> _PROMPT_: Repeat the entries exactly, and do not carry the pictures over.

> _Items from a data source_:
*** Block opens ***
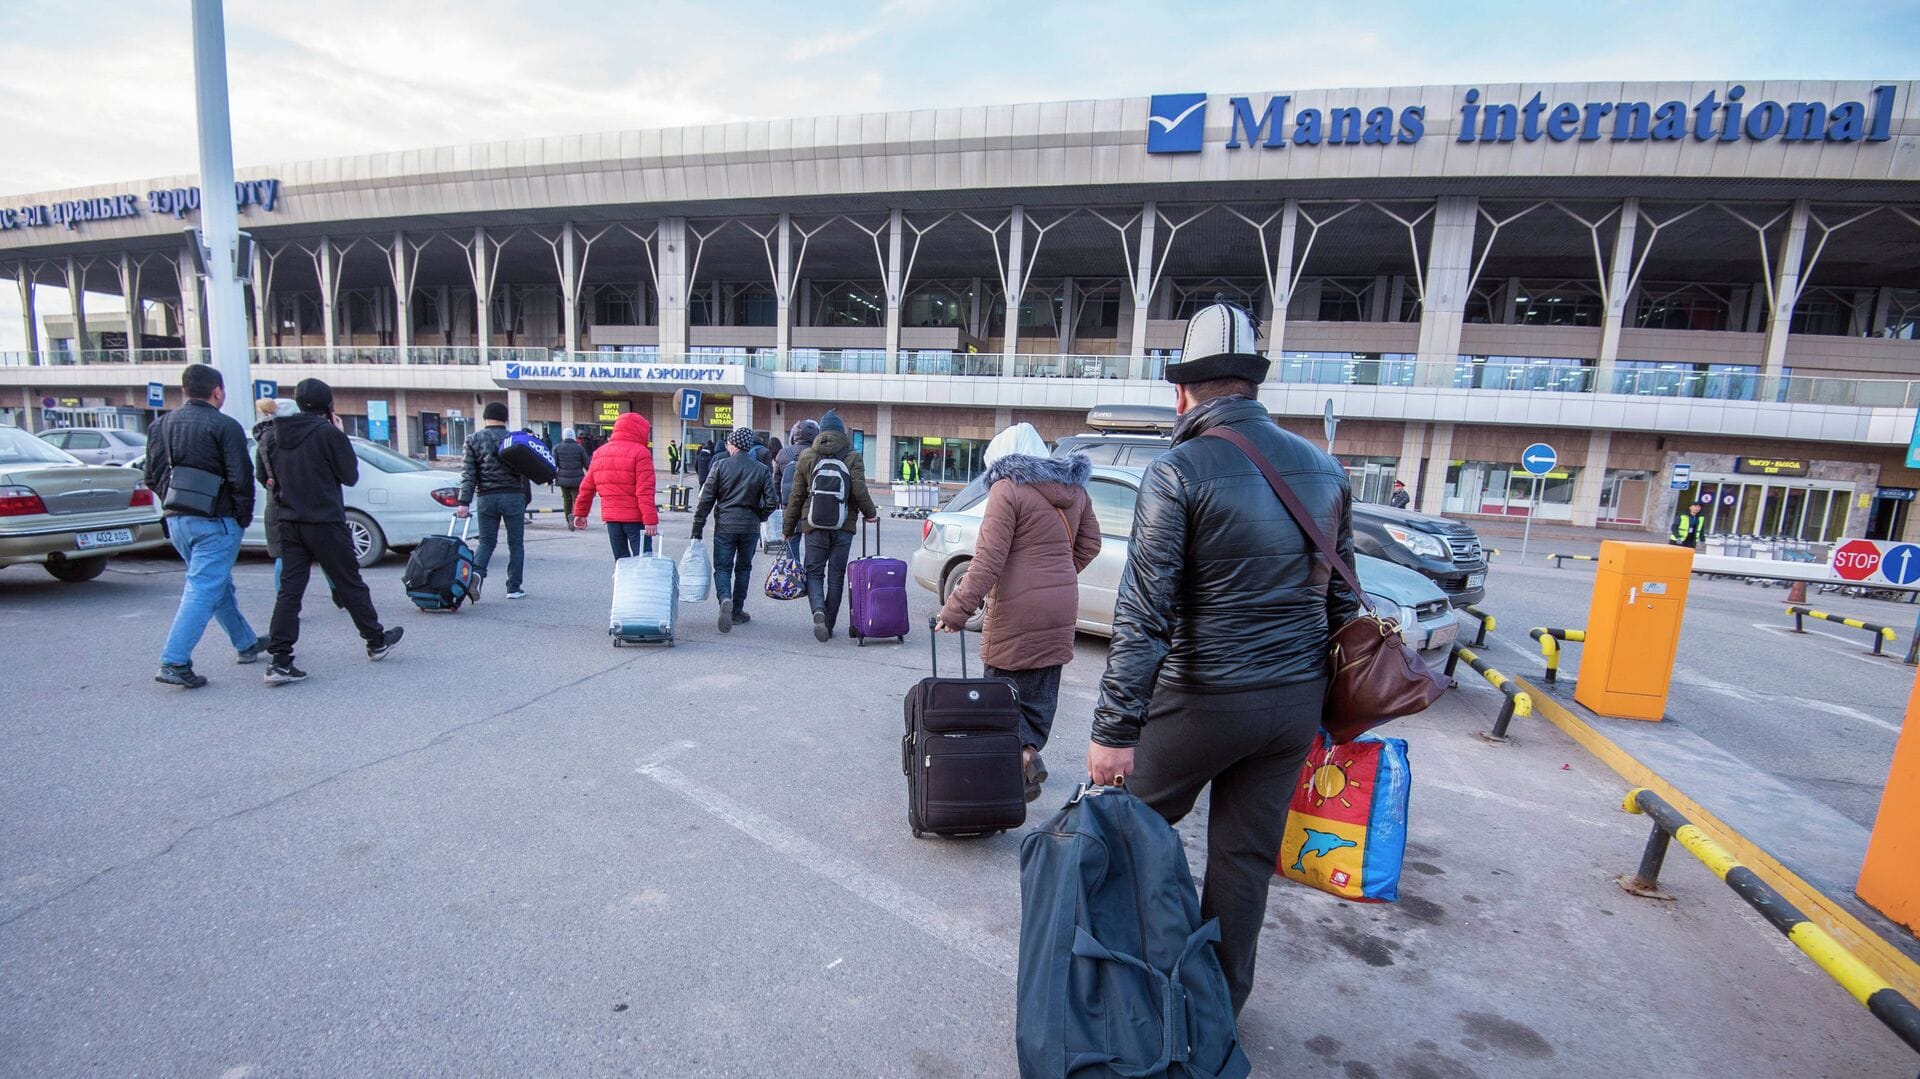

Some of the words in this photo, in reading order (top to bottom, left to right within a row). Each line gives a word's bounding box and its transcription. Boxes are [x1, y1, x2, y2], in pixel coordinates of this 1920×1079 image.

[1226, 96, 1426, 149] Manas
[1456, 84, 1897, 143] international
[50, 194, 139, 231] аралык
[147, 179, 278, 220] аэрорту
[521, 366, 566, 377] МАНАС
[568, 367, 585, 378] ЭЛ
[590, 367, 642, 379] АРАЛЫК
[646, 367, 724, 380] АЭРОПОРТУ
[259, 384, 273, 400] P
[685, 394, 697, 415] P
[1835, 551, 1879, 569] STOP
*** Block closes ***
> _SOLUTION TO THIS EXERCISE_:
Some of the words in this photo, in reading order (top to bottom, left to right within a row). Each line gives a word's bounding box and its transcription. Boxes are [x1, y1, x2, y2], in pixel coordinates of this 1920×1079 image.

[1226, 96, 1426, 149] Manas
[1456, 84, 1897, 143] international
[50, 194, 139, 231] аралык
[147, 179, 278, 220] аэрорту
[521, 366, 566, 377] МАНАС
[568, 367, 585, 378] ЭЛ
[590, 367, 642, 379] АРАЛЫК
[646, 367, 724, 380] АЭРОПОРТУ
[259, 384, 273, 400] P
[685, 394, 697, 415] P
[1835, 551, 1879, 569] STOP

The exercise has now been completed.